The revisions added the rural residential collector and rural residential road classifications to the non-circulation element road classifications which also consist of residential collector, residential, residential cul-de-sac, residential loop, industrial/commercial collector, industrial/commercial, industrial/commercial cul-de-sac, frontage, alley and hillside residential.
A rural residential collector would be designed to accommodate an average daily traffic volume of between 1,500 and 4,500 vehicles while a rural residential road would service an average volume of less than 1,500 vehicles. Both are intended to serve areas with lot sizes of at least two acres, and on-street parking would be prohibited. The standards for both include a total right-of-way width of 48 feet, a pavement width of 28 feet between the curb faces, and a minimum pavement thickness of three inches of asphalt concrete pavement and six inches of Portland cement concrete pavement.
All circulation element road classifications have a minimum lane width of twelve feet as do all non-circulation element residential road classifications other than hillside residential, which does not have a specific minimum width. The rural residential road and rural residential collector classifications also require 12-foot lanes.

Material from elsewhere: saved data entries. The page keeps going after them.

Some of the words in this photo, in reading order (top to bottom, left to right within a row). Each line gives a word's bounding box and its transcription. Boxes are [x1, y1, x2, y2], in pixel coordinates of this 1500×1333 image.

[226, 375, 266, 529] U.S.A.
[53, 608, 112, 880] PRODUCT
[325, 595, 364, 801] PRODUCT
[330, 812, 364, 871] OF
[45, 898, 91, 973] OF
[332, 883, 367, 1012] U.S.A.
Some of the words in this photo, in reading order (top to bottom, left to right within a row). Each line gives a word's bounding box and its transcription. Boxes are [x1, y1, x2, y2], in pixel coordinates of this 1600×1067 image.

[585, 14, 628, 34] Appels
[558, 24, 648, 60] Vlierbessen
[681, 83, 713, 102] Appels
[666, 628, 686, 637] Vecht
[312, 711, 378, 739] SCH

The changes also revise pathway standards to provide consistency with the county’s Community Trails Master Plan and update provisions to address current engineering practices. The pathway updates incorporate existing Community Trails Master Plan design and construction guidelines, eliminate the requirement that the pathway be contiguous with the curb, and provide clarification that additional right-of-way may be necessary where pathways are required to exceed 10 feet in width. The revisions to address current engineering standards update reference documents, eliminate the requirement that sidewalks be contiguous to the curb, include additional guardrail evaluation and installation guidelines consistent with the California Department of Transportation traffic manual, refer to industry standards and guidelines regarding the evaluation and installation of roundabouts and signalized intersections, refer to engineering guidelines regarding intersection sight distance criteria, and reduce intersection spacing criteria for private driveways and private roads which intersect with a public road and serve no more than 20 dwelling units.

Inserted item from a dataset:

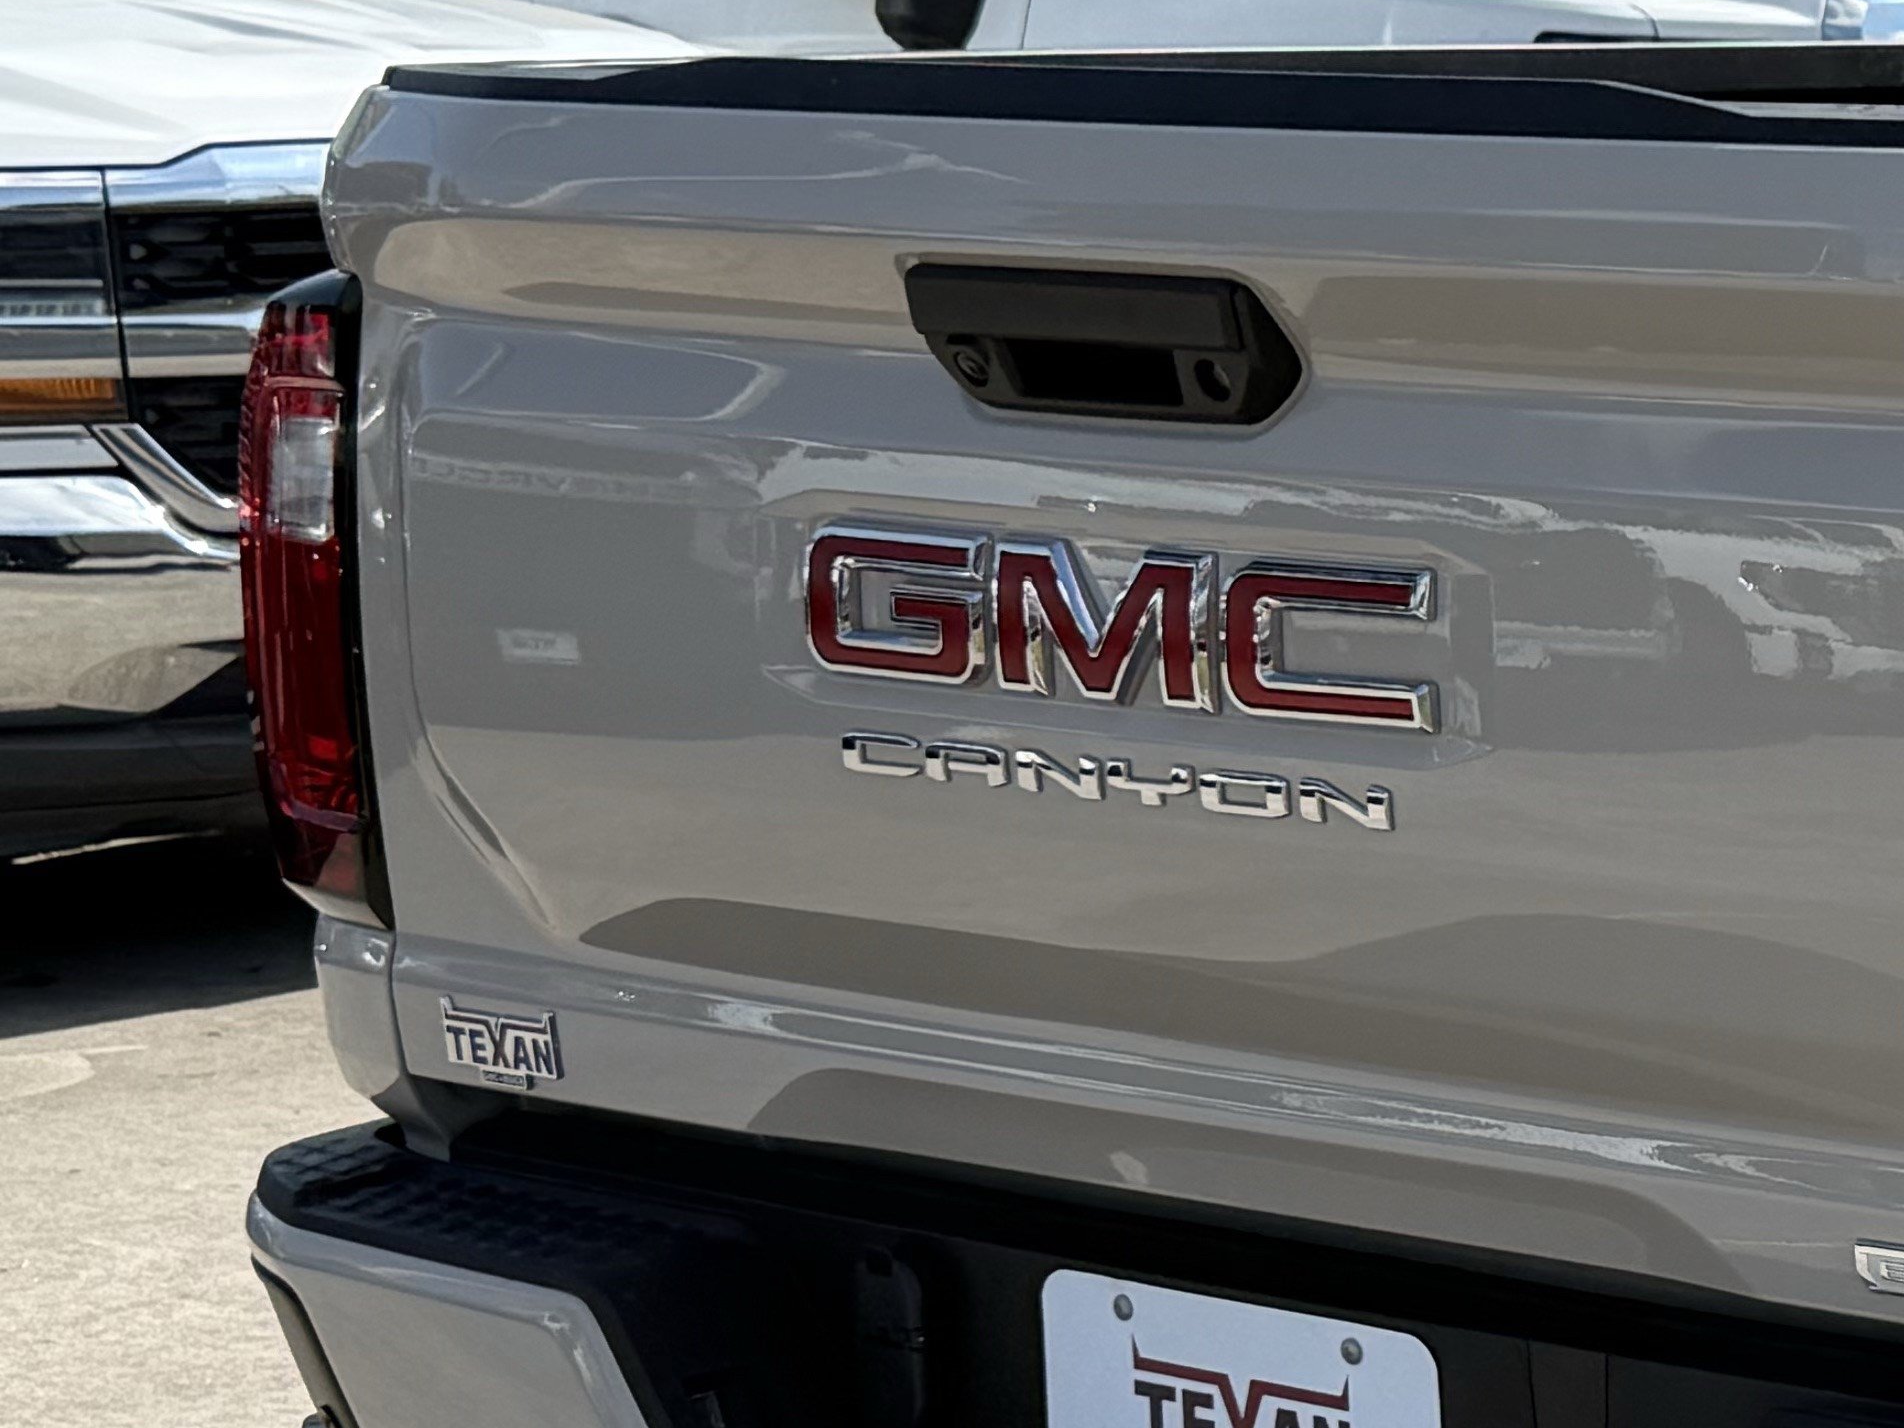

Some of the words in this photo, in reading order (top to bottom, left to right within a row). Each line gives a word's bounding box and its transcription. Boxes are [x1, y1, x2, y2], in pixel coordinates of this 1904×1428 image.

[805, 525, 1440, 733] GMC
[841, 731, 1395, 832] CANYON
[443, 1010, 557, 1077] TEXAN

The previous standards required driveways or private roads to be separated by at least 300 feet if entering a circulation element road and by 200 feet if entering a non-circulation element road. The revision reduces the separation distance for driveways serving fewer than 20 dwelling units and entering a non-circulation element road to 100 feet.

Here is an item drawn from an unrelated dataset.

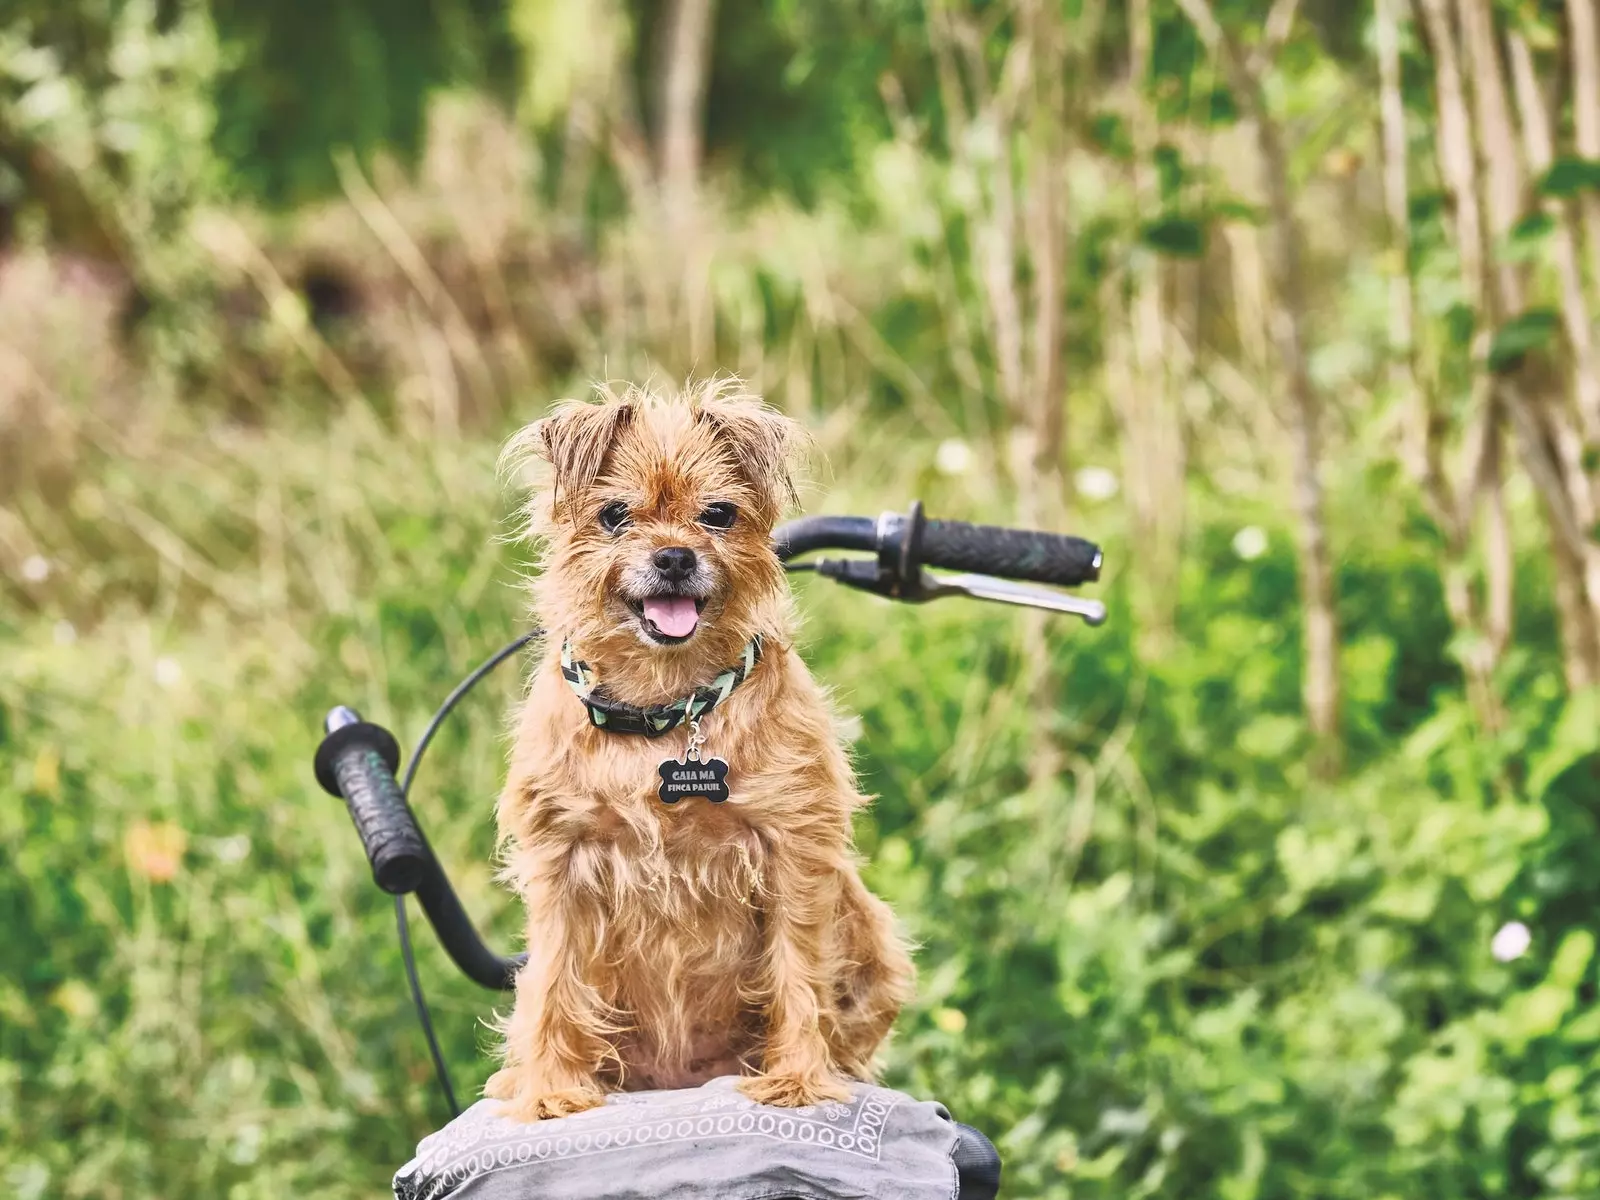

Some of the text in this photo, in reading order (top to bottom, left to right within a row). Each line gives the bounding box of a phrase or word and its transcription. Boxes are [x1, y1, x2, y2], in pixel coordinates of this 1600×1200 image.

[672, 770, 716, 780] GAIA MA
[667, 783, 721, 792] FINCA PAJUIL

All requests involving exemptions to adopted community right-of-way development guidelines will require input and a written recommendation from the local community planning or sponsor group while all requests for exemptions involving road
widths, angle of departure, or vertical clearance will require a letter from the fire authority with jurisdiction. Although the director of the county’s Department of Planning and Land Use can override those recommendations, any such decision will involve letter containing reasons for the director’s determination. (A director’s decision can be appealed to the planning commission.)
A project applicant may request an exemption by completing a request form which includes alternatives considered and consequences of compliance, and a community advisory group may recommend that an applicant process an exemption request if standards for the project do not conform to an established community plan for the area.
Improvements to existing public roads are often required as conditions of approval for development projects. The “Flexibility in County Road Design” guidelines encourage designers to consider all modes of transportation including pedestrian, bicycle, and equestrian traffic as well as automobiles.